▸ **To do**:
For this exercise, write out exactly the lines from the line containing "this 2400×1306 image." through the last line of the records, and no other lines.

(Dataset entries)
Content starts

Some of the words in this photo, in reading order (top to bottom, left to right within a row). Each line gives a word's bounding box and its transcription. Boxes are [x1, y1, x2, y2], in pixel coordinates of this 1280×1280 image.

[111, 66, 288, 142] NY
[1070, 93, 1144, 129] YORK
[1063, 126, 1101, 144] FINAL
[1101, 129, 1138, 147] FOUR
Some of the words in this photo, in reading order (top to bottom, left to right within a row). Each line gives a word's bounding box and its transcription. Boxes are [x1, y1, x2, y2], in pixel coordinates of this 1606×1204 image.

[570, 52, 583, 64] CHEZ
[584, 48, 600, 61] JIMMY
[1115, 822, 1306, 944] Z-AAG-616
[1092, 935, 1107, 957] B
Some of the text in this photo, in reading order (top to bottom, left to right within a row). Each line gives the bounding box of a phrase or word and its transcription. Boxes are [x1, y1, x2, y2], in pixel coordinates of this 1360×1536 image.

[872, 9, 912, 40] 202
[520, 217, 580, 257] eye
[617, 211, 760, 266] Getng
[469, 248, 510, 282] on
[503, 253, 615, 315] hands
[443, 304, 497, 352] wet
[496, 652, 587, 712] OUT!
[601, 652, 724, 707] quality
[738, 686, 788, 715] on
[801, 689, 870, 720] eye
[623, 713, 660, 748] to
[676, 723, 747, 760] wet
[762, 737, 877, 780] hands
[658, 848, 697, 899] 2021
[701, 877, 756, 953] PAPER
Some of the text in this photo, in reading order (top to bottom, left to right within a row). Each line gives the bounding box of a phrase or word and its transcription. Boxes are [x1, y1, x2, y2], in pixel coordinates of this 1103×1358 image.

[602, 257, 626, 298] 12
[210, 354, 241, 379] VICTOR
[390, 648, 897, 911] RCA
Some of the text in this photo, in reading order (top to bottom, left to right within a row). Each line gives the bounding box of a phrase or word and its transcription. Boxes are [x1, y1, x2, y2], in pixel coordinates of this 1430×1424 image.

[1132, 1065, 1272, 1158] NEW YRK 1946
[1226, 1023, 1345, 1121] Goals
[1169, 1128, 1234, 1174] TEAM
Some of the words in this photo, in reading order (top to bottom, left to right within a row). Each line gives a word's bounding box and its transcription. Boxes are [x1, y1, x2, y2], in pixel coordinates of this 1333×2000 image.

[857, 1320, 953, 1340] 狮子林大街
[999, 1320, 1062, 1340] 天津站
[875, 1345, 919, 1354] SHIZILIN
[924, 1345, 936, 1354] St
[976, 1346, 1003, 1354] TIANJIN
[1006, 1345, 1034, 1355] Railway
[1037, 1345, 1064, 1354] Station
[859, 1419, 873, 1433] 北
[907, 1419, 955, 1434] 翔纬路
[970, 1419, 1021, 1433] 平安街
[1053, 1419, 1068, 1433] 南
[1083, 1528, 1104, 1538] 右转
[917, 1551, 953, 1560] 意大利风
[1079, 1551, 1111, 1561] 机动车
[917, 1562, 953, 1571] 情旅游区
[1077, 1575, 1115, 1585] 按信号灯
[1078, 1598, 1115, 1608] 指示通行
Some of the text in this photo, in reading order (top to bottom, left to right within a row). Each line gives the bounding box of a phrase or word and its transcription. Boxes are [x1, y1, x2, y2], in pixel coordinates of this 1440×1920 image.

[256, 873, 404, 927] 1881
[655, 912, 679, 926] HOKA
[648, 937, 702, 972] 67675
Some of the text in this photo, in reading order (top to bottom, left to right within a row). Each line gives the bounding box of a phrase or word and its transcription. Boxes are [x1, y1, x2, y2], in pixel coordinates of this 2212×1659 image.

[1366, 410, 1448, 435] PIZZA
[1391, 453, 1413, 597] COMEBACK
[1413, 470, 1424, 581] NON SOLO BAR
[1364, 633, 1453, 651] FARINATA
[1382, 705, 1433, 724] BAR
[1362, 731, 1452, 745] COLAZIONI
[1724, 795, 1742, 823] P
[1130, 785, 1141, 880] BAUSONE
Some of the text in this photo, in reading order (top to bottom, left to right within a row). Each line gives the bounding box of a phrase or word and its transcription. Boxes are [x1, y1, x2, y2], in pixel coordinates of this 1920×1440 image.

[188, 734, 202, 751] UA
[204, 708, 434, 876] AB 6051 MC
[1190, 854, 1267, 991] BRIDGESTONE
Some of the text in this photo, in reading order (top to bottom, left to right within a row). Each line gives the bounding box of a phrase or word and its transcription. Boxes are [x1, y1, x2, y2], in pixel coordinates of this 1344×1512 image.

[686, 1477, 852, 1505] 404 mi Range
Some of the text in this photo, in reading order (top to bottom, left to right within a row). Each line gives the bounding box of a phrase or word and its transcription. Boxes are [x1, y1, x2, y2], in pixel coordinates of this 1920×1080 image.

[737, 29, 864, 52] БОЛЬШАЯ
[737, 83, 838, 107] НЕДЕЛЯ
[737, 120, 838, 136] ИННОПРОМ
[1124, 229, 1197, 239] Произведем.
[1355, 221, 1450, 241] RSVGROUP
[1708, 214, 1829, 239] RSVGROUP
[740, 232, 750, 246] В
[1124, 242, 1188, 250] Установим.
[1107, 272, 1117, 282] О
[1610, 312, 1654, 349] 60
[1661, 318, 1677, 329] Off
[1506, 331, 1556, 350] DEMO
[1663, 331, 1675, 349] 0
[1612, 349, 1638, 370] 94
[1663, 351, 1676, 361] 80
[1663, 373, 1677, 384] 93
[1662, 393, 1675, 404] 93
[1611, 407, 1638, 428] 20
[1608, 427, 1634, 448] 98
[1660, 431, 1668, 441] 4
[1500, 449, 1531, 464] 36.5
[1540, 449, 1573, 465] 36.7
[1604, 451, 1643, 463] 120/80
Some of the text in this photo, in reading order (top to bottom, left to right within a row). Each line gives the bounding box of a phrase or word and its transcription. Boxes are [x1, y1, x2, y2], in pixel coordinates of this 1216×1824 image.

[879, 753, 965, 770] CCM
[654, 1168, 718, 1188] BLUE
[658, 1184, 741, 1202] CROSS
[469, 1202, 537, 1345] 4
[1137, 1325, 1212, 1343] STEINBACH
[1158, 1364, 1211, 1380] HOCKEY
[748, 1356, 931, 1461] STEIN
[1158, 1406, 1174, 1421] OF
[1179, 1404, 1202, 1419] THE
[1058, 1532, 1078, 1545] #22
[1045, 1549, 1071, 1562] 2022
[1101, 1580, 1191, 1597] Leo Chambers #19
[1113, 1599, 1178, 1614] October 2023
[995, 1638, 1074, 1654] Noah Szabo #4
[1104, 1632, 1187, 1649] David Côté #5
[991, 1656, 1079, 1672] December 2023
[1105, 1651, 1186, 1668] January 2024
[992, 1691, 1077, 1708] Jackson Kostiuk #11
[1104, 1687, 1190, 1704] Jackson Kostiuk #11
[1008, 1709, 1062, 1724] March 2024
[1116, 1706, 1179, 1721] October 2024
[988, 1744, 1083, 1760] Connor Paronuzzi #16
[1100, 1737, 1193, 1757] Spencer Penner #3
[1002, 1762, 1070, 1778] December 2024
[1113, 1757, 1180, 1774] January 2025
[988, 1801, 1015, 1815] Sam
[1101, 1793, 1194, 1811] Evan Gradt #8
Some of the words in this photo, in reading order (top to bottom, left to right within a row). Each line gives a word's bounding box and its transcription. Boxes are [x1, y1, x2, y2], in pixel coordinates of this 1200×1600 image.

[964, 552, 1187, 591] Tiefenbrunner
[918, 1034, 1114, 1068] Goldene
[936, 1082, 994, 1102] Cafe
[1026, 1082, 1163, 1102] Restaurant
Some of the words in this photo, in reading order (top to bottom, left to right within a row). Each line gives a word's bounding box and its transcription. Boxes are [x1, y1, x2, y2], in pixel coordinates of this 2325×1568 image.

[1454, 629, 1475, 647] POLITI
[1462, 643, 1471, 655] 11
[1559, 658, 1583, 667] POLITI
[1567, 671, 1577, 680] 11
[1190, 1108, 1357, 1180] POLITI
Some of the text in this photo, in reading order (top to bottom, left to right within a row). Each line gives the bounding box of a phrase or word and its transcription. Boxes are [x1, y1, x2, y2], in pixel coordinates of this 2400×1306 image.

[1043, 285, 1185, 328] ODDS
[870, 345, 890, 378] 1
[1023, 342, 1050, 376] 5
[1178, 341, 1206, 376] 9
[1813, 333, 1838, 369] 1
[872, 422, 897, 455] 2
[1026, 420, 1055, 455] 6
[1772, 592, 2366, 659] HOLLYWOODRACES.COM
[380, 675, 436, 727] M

Content ends

▸ **Task response**:
Some of the text in this photo, in reading order (top to bottom, left to right within a row). Each line gives the bounding box of a phrase or word and its transcription. Boxes are [x1, y1, x2, y2], in pixel coordinates of this 2400×1306 image.

[1043, 285, 1185, 328] ODDS
[870, 345, 890, 378] 1
[1023, 342, 1050, 376] 5
[1178, 341, 1206, 376] 9
[1813, 333, 1838, 369] 1
[872, 422, 897, 455] 2
[1026, 420, 1055, 455] 6
[1772, 592, 2366, 659] HOLLYWOODRACES.COM
[380, 675, 436, 727] M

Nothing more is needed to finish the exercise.